(6fr) Soft Materials and Bio-Integrated Devices: From Complex Colloidal Systems to Skin/Brain-Interfaced Biosensors

My primary research interests lie in colloids, interfacial science, and bio-integrated electronic devices for solving grand challenges in energy-efficient separations and human healthcare. My doctoral research focused on colloids, polymer, and interfacial science. I made two major contributions to the colloid community. My first accomplishment is the discovery of a new class of soft materials called capillary foams. I studied its stabilization mechanism, the effect of system parameters, and its potential applications in energy-efficient separations. This research has been reported by many press releases, such as Science Daily, NSF News, and World Industrial Reporter. My second contribution is that I answered a question that exists in the colloid community for a few decades. Over one hundred years ago, people found that colloidal particles with suitable wettability can adsorb to (and stabilize) the fluid-fluid interfaces. However, there is a long ongoing debate about whether the adsorption of non-amphiphilic particles in the interface can change the interfacial tension. I answered this question by conducting systematic experimental and theoretical studies. My studies show that particles do reduce the interfacial tension, which depends on the packing density and contact angle of particles in the interface. This insight is important for understanding and controlling the assembly of non-amphiphilic nanoparticles at fluid–fluid interfaces, which is crucial for applications from food technology to oil recovery.

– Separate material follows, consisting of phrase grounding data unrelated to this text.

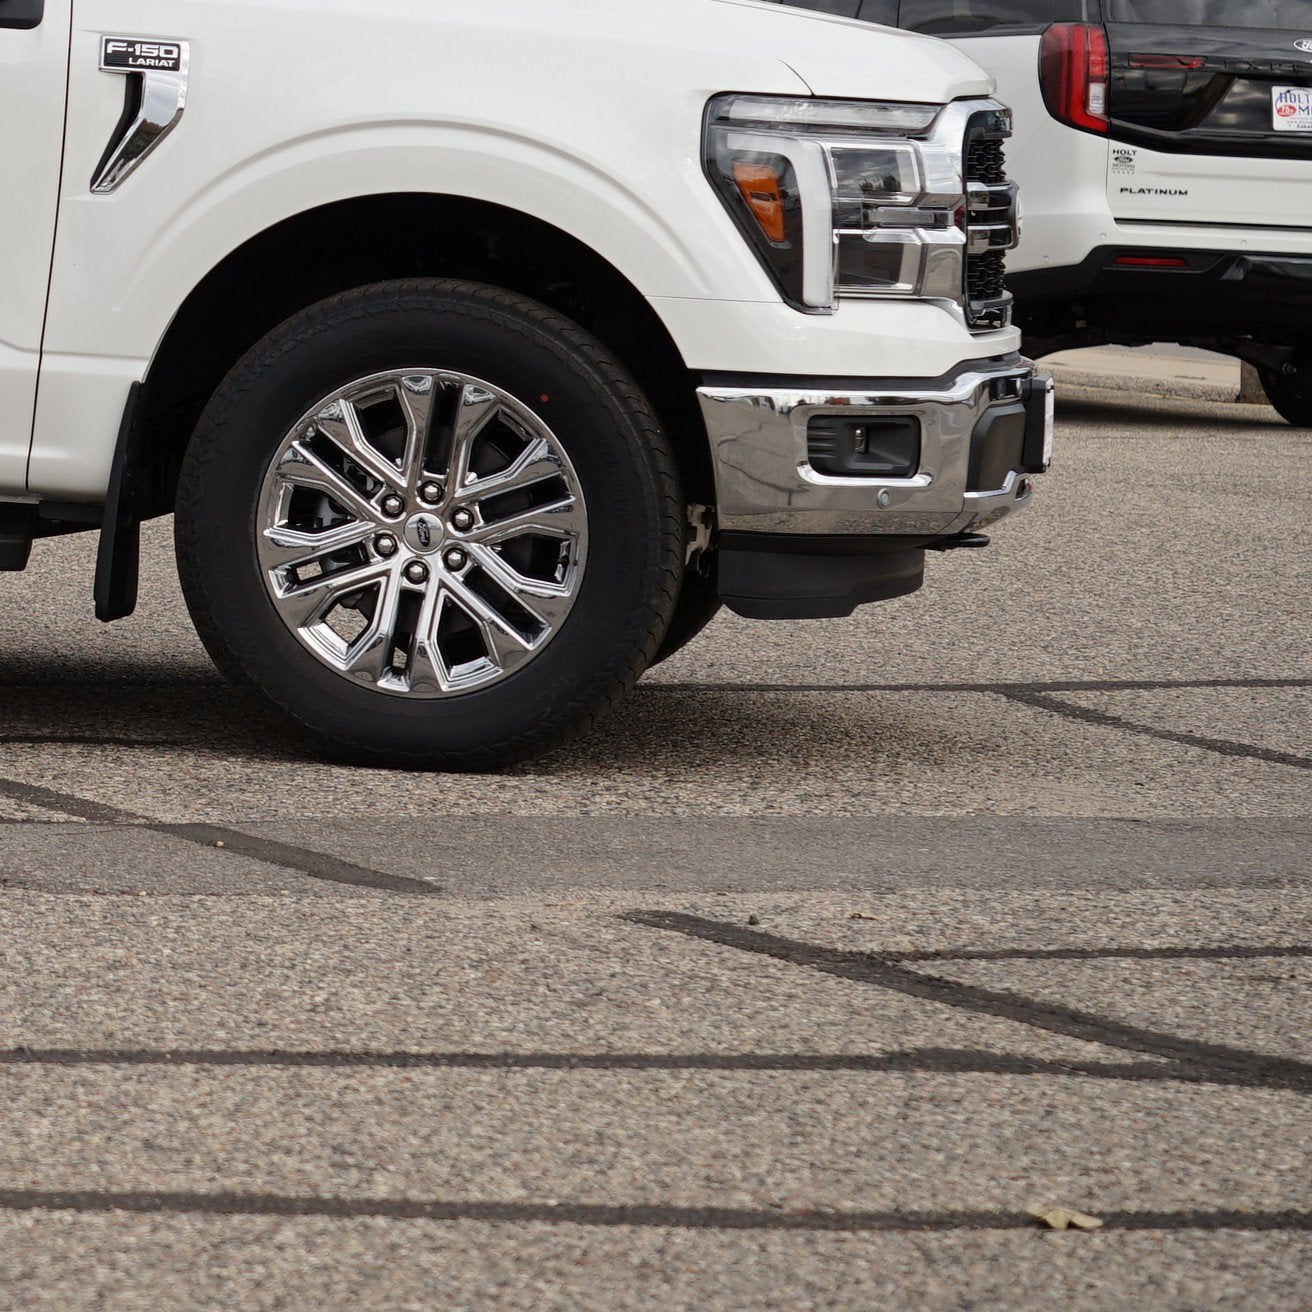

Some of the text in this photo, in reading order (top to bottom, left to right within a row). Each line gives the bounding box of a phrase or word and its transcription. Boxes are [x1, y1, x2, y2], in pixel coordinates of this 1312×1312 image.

[106, 41, 180, 59] F-150
[128, 57, 176, 68] LARIAT
[1279, 91, 1310, 104] HOLT
[1120, 187, 1189, 196] PLATINUM
[417, 522, 430, 544] Ford

My postdoc training focuses on skin/brain-interfaced devices for human health applications. Chronic kidney disease (CKD) is a condition where kidneys are damaged and cannot filter blood as well as healthy ones. 30 million or 15% of US adults are estimated to have CKD but most of them are not aware of it at an early stage of the disease. Early detection and treatment can often keep chronic kidney diseases from getting worse. Therefore, a novel method for painless and stress-free kidney health monitoring is highly desirable. I developed a wearable sweat sensor that can capture and analyze creatinine and urea in sweat for the early detection of CKD. Another significant direction I am working on is the design and fabrication of new tools for neuroscience. Diseases related to the central and peripheral nervous systems, such as depression, anxiety, addiction, pain, Alzheimer's, and amyotrophic lateral sclerosis, affect the life quality of millions of people worldwide. To understand the function of neural networks and the causes of these mental health problems, I designed and fabricated injectable/implantable optofluidic devices for brain and peripheral nerve interfaces. This technology has been transferred from the research bench to commercialization by a startup company Neurolux (http://neurolux.org/).

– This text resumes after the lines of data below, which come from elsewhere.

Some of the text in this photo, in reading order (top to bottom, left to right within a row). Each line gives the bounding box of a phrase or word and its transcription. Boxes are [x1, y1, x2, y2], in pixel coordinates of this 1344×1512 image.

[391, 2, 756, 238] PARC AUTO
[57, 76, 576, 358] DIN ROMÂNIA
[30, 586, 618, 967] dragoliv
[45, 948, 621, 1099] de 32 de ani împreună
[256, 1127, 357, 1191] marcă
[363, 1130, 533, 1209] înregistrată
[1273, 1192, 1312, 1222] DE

Postdoctoral Advisor: Professor John A. Rogers, Northwestern University

Ph.D. Advisors: Professor Sven H. Behrens and Professor J. Carson Meredith, Georgia Tech

Teaching Interests:

My teaching philosophy is to develop a supportive environment for my students, where they can develop their interests in both fundamentals and a broader impact of a given subject. I also intend to equip my students with an effective way of learning and collaboration that they can benefit from for their lifetime. ‘Big picture’: I believe that courses that focus on both impact and core principals will better motivate students from various backgrounds, interests, and career goals. As a teacher, it is my responsibility to convey the importance of Chemical Engineering topics and my passion for them, so that students see the value and potential impact of their work. I will accomplish this by relating course materials to real-life problems. I will begin each semester by asking students why they register for my course and tailoring examples to the students’ interests. These activities can be incorporated into large classes without sacrificing effectiveness. Effective way of learning: In this rapidly changing world, the knowledge in science and engineering is expanding exponentially. Therefore, instead of solely subject-oriented teaching, it is critical to stimulate students’ curiosity to explore different fields and teach them learning skills that they can apply to various learning processes. Collaboration: Learning to work together to solve problems is a crucial skill for any engineering career. To promote this, I will present problems and probe questions pertaining to lecture concepts for students to work on and discuss together during class. Collaboration makes engineering more accessible to a broader range of students by exposing them to a range of approaches to problems and by reducing competition. While competition can help some types of students thrive, highly competitive classrooms have been shown to turn students away from engineering. As a graduate student at Georgia Tech, I experienced an environment where students worked together to solve homework problems and make sure everyone in their study group understand the material.